Originally published by 2 Minute Medicine® (view original article). Reused on AccessMedicine with permission.

1. In this randomized control trial, resource groups (RGs) improved empowerment in individuals with severe mental illness (SMI).

2. Those in the RG route also showed improvements in personal recovery, social contact, disability, general functioning, and social functioning.

Evidence Rating Level: 2 (Good)

Individuals who experience severe mental illness (SMI) are at increased risk of treatment-resistant symptoms. Social support represents an important aspect of mental health intervention. Resource groups (RGs) provide structured integration of social network support into the treatment plan of patients. These groups have both formal components and informal components, consisting of healthcare practitioners and peers, respectively.

This randomized control trial compared flexible assertive community treatment (FACT) to FACT combined with RGs. Individuals who were adults, diagnosed with an SMI, and scheduled for FACT for at least 12 months were included. Exclusion criteria included previous FACT over two years in duration. The primary outcome assessed was self-reported empowerment which was measured with the Netherlands Empowerment List. Additionally, quality of life, treatment satisfaction, psychopathological symptoms, adult attachment, social contact, employment, and family involvement were measured.

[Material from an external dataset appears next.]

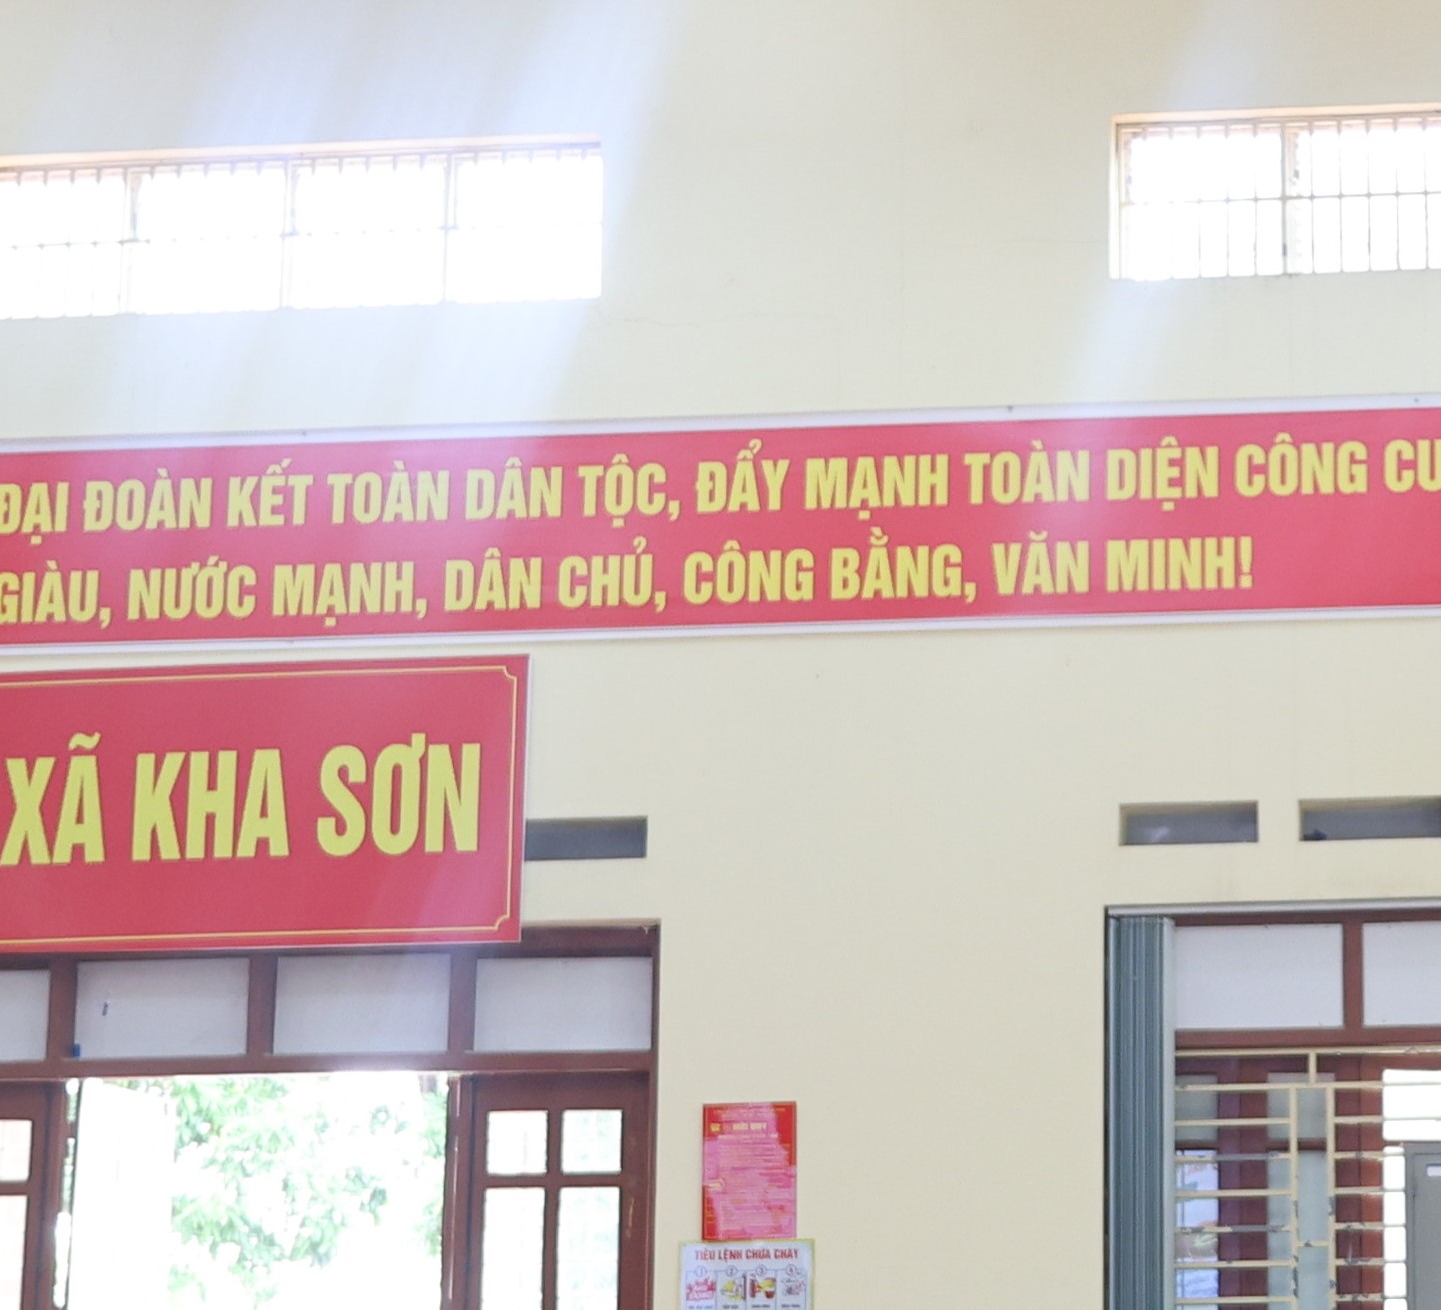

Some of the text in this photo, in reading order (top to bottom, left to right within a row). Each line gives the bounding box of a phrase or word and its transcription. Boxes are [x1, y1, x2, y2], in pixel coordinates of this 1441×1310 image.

A total of 158 individuals were randomly allocated to either the FACT with RG (n=89) or FACT (n=78) group. Those in the FACT with RG treatment demonstrated clinically significant improvements in empowerment levels. Additionally, those in FACT with RG showed enhanced quality of life, personal recovery, as well as social and general functioning. Psychopathological symptoms, employment, attachment, and amount of social contact did not differ between groups. This study was limited in that there was a lack of non-SMI control group or blinding to treatment group. Nonetheless, the outcomes of this study suggest that RGs may help improve quality of life in those suffering from SMIs.